> **Exercise objective**
Leave out the pictures and copy the remaining records exactly.

> **Data records**
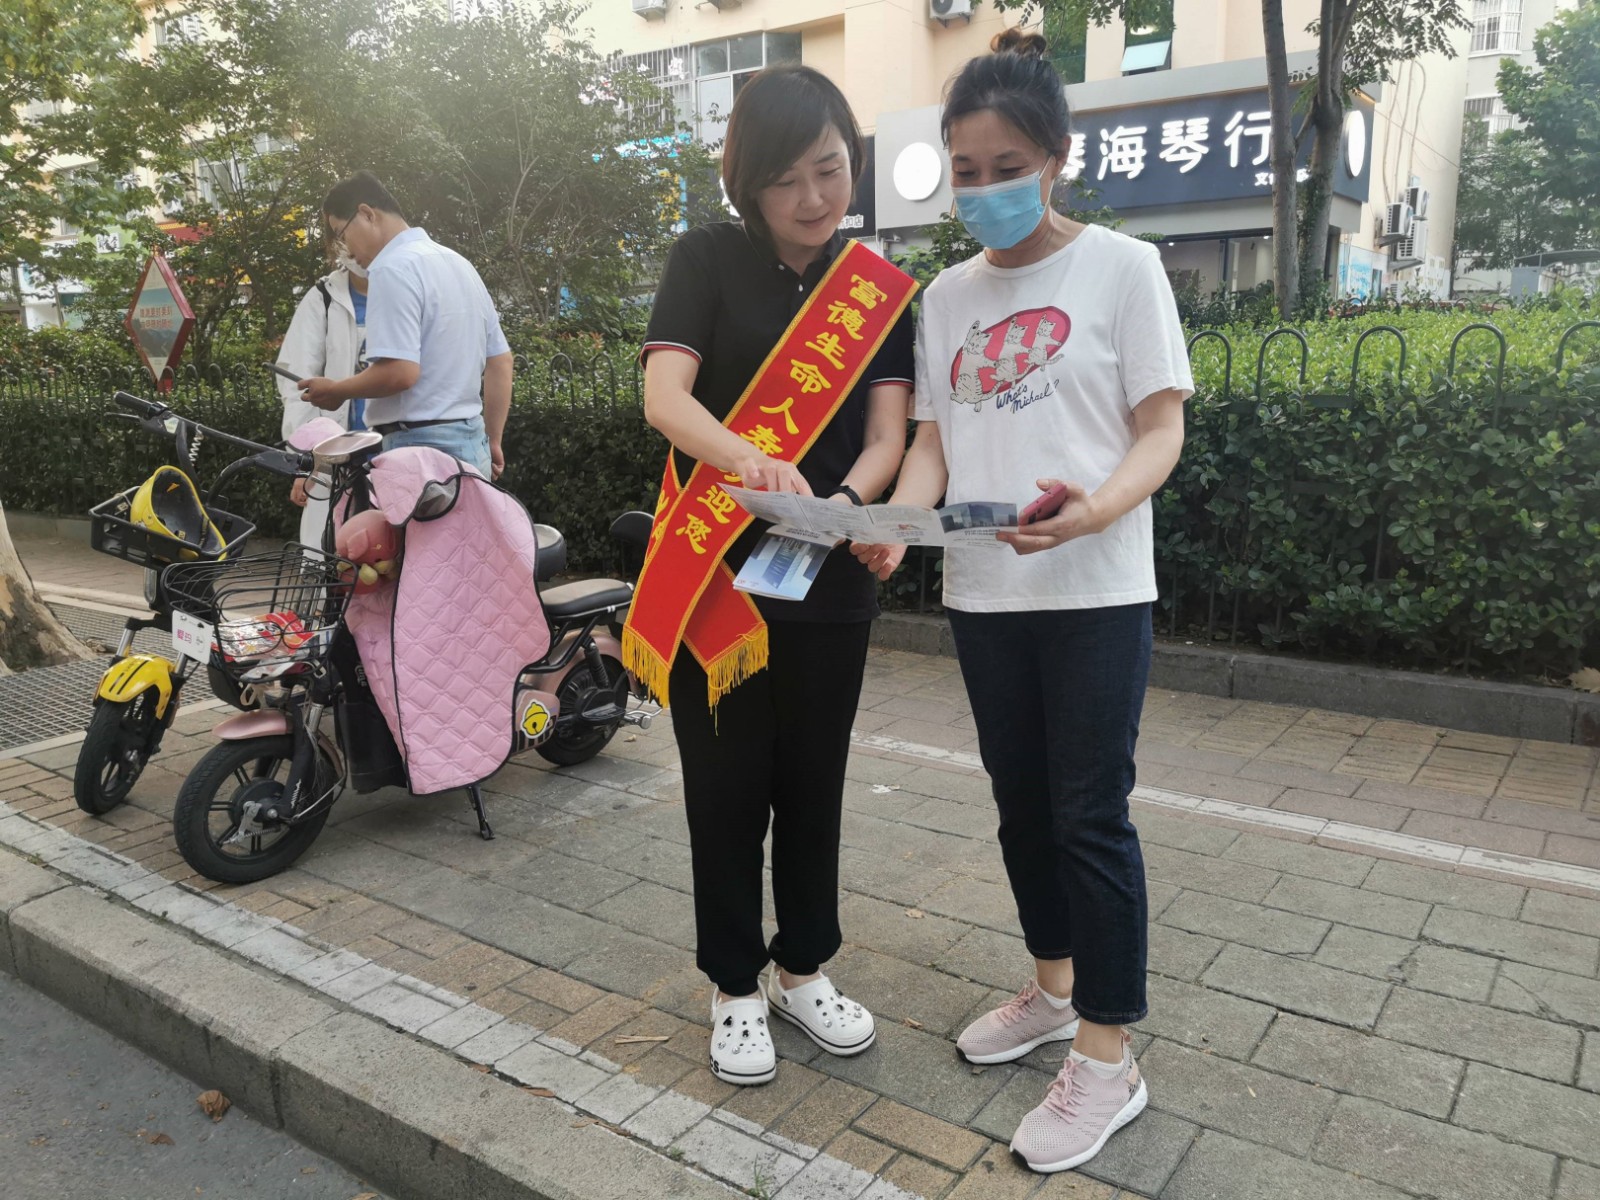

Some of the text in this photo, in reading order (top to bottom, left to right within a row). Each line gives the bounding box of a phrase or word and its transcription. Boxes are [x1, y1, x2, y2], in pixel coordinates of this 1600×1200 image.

[675, 273, 888, 555] 富德生命人寿迎您
[996, 383, 1028, 410] What's
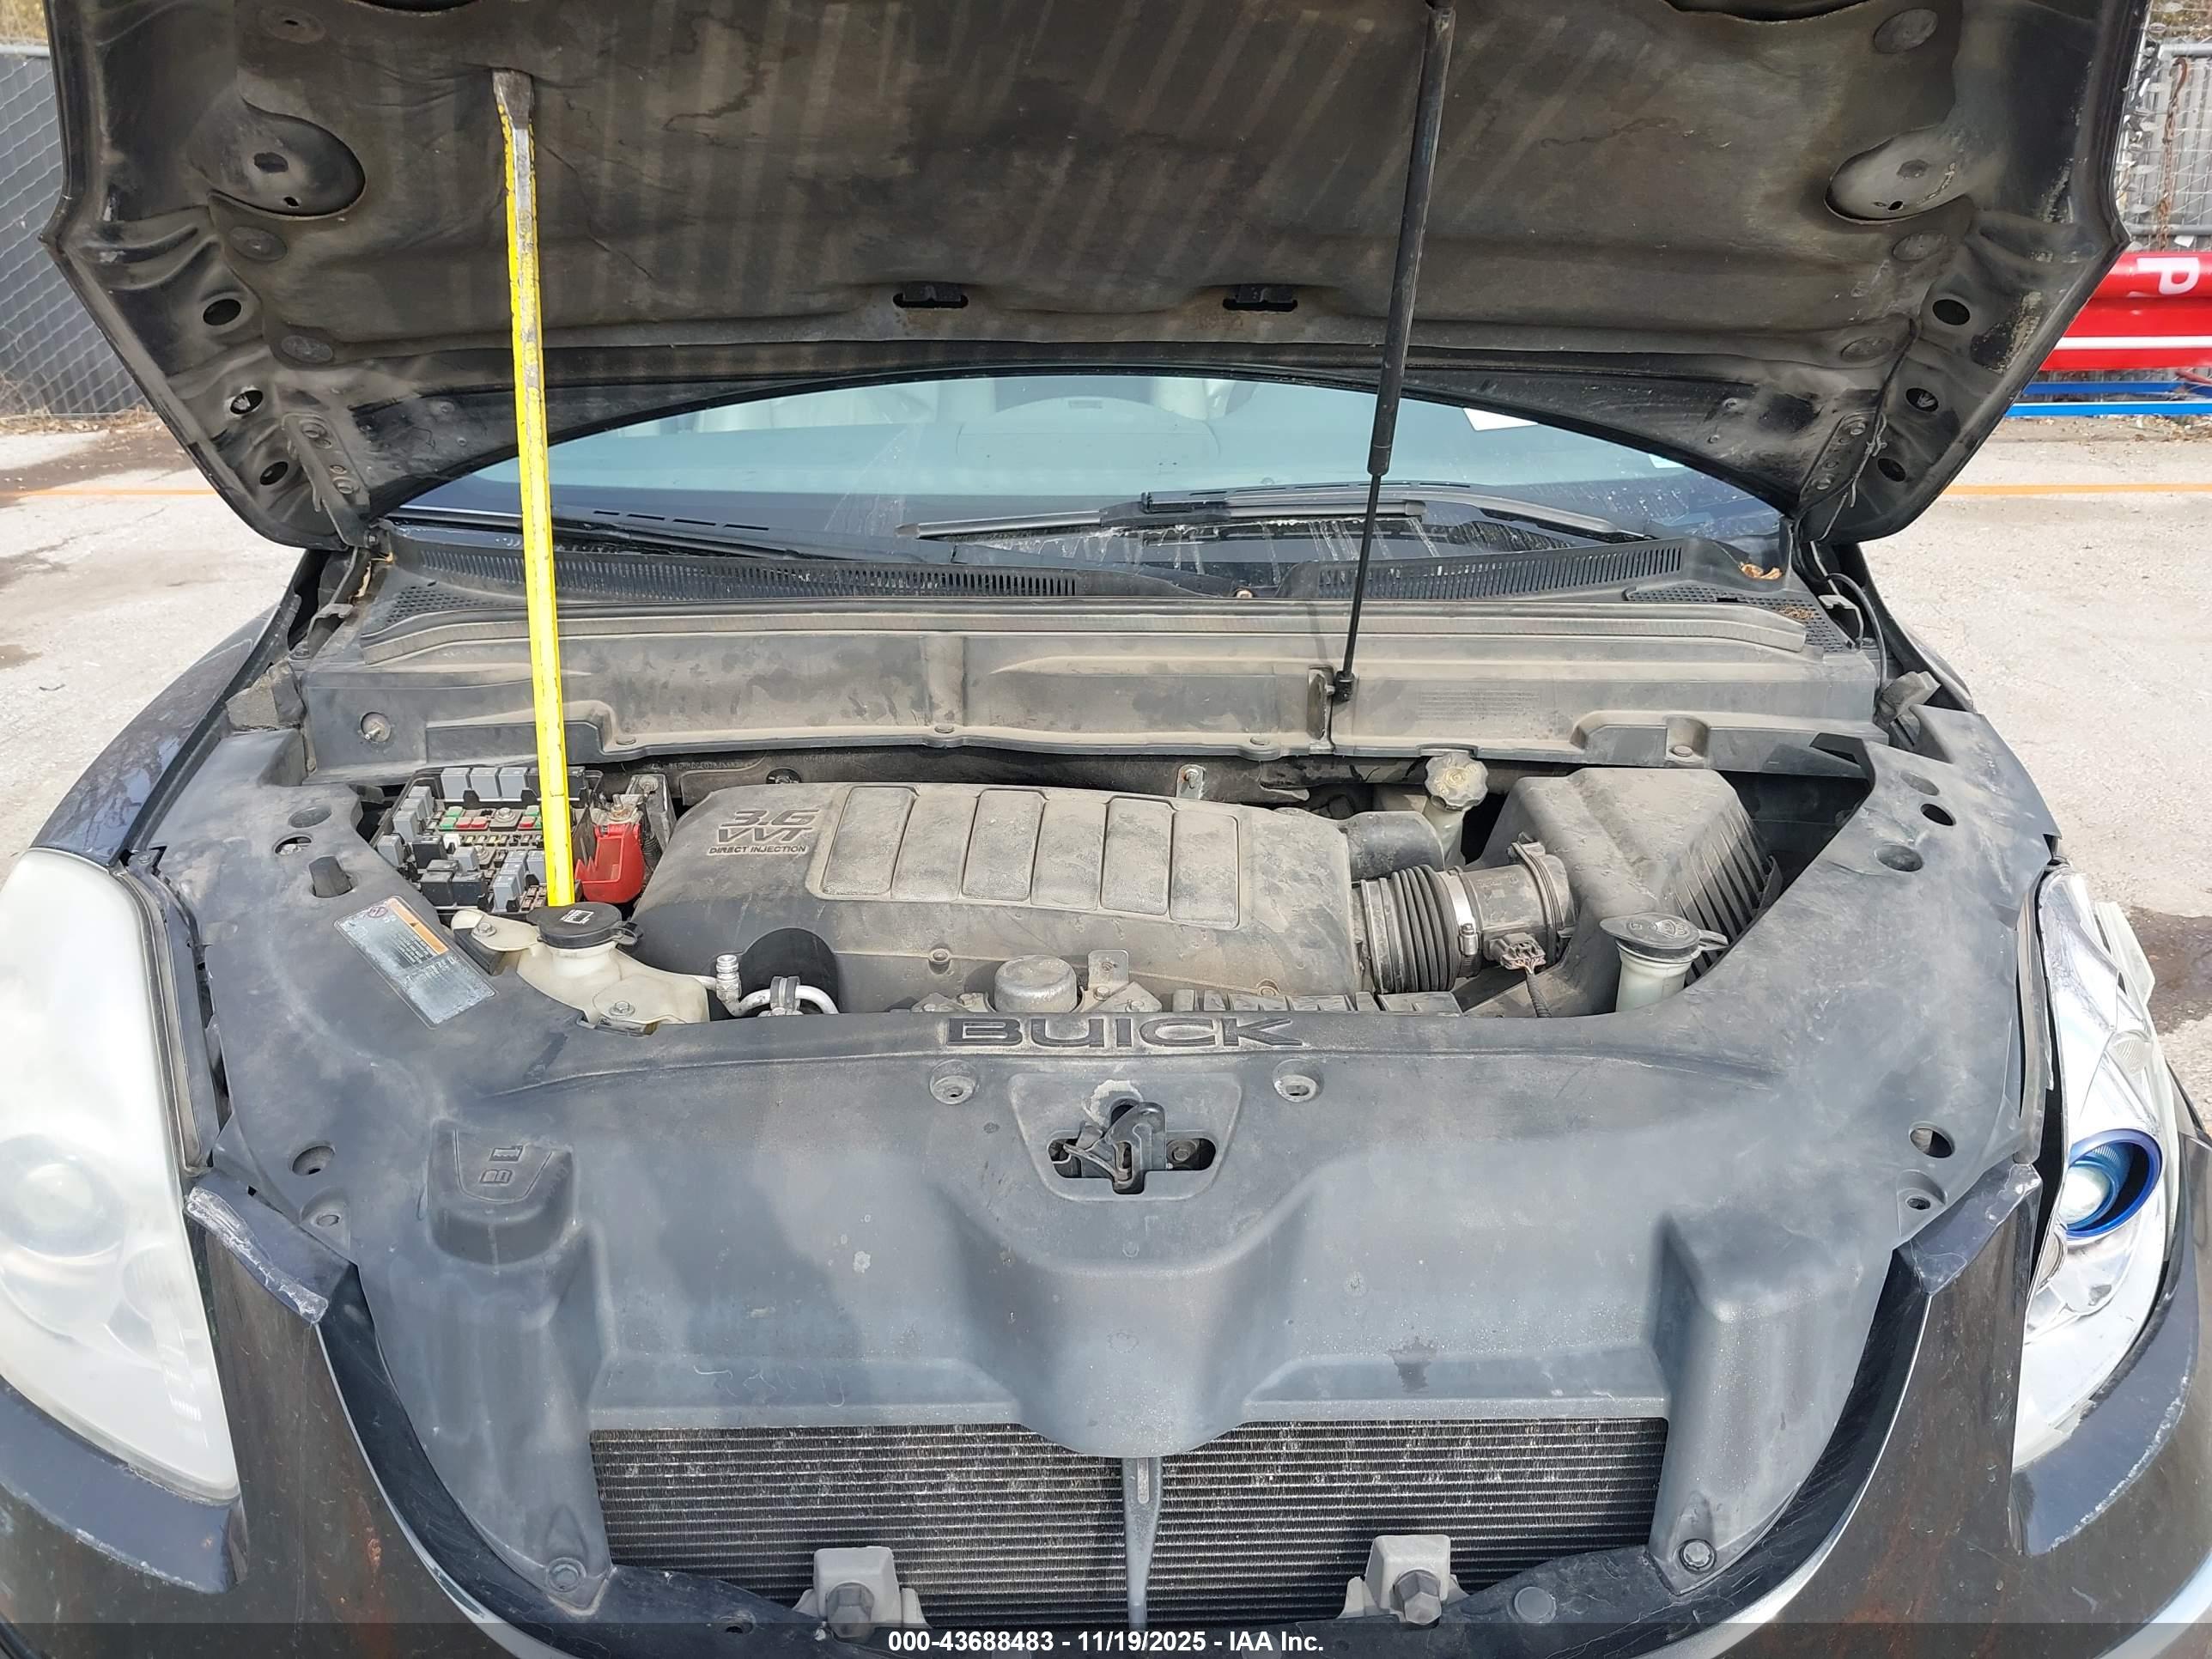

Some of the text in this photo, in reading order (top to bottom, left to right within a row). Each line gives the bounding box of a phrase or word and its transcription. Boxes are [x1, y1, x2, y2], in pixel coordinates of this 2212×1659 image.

[720, 809, 820, 827] 3.6
[718, 827, 813, 842] VVT
[708, 845, 806, 854] DIRECT INJECTION
[946, 1018, 1304, 1048] BUICK
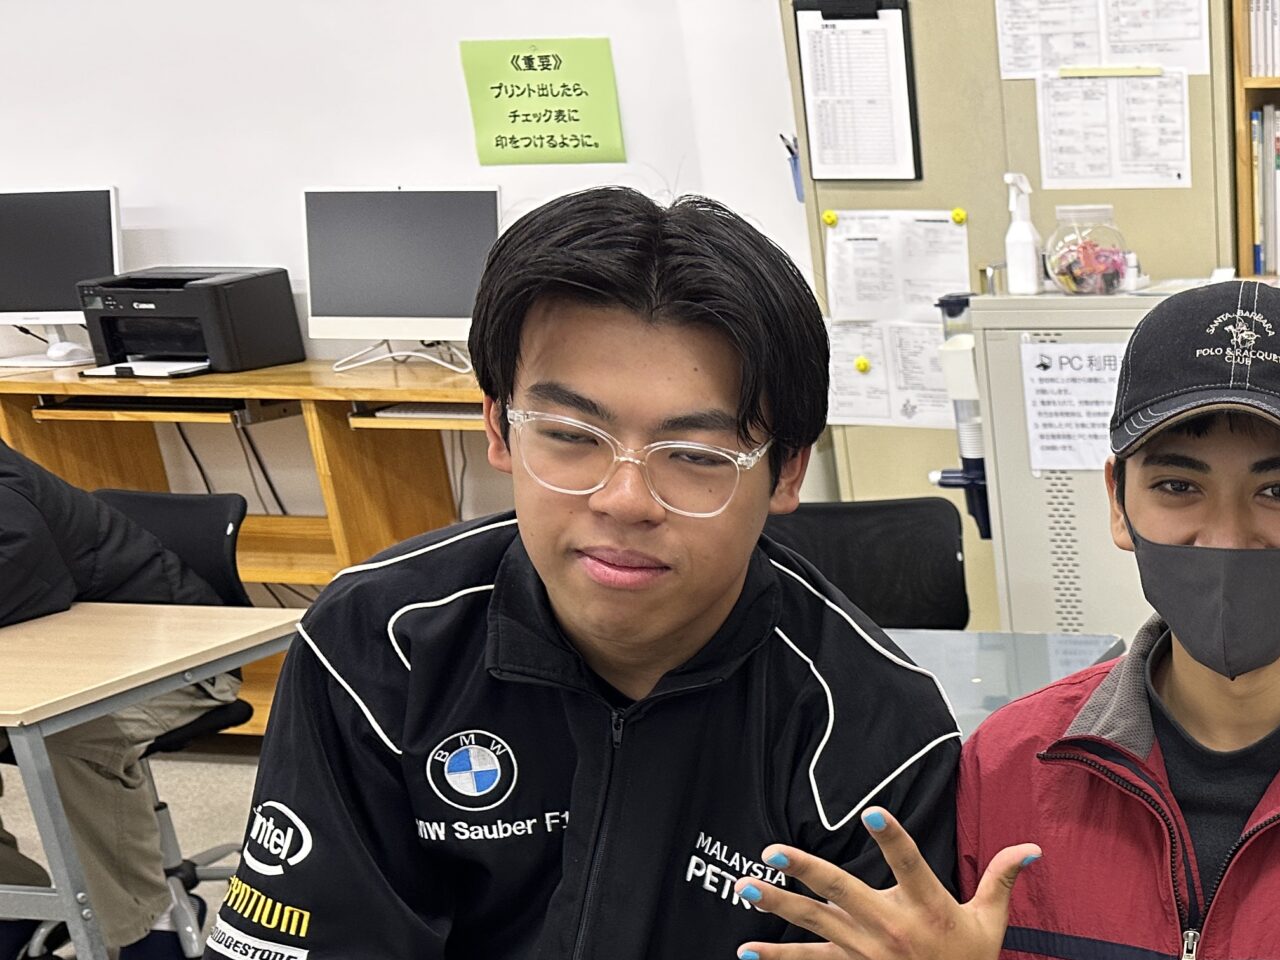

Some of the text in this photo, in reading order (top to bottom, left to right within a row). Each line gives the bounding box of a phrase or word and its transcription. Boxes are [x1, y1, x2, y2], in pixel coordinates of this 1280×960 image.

[510, 54, 562, 71] 《重要》
[490, 82, 589, 98] プリント出したら、
[508, 108, 580, 123] チェック表に
[495, 134, 600, 149] 印をつけるように。
[1237, 309, 1275, 337] BARBARA
[1196, 347, 1223, 358] POLO
[1225, 355, 1251, 366] CLUB
[434, 733, 507, 763] BMW
[453, 819, 537, 840] Sauber
[545, 811, 569, 832] F1
[695, 832, 787, 886] MALAYSIA

> **Exercise answer**
Some of the text in this photo, in reading order (top to bottom, left to right within a row). Each line gives the bounding box of a phrase or word and its transcription. Boxes are [x1, y1, x2, y2], in pixel coordinates of this 1600×1200 image.

[675, 273, 888, 555] 富德生命人寿迎您
[996, 383, 1028, 410] What's

Some of the text in this photo, in reading order (top to bottom, left to right within a row). Each line gives the bounding box of a phrase or word and its transcription. Boxes are [x1, y1, x2, y2], in pixel coordinates of this 2212×1659 image.

[720, 809, 820, 827] 3.6
[718, 827, 813, 842] VVT
[708, 845, 806, 854] DIRECT INJECTION
[946, 1018, 1304, 1048] BUICK

Some of the text in this photo, in reading order (top to bottom, left to right within a row). Each line gives the bounding box of a phrase or word and its transcription. Boxes are [x1, y1, x2, y2], in pixel coordinates of this 1280×960 image.

[510, 54, 562, 71] 《重要》
[490, 82, 589, 98] プリント出したら、
[508, 108, 580, 123] チェック表に
[495, 134, 600, 149] 印をつけるように。
[1237, 309, 1275, 337] BARBARA
[1196, 347, 1223, 358] POLO
[1225, 355, 1251, 366] CLUB
[434, 733, 507, 763] BMW
[453, 819, 537, 840] Sauber
[545, 811, 569, 832] F1
[695, 832, 787, 886] MALAYSIA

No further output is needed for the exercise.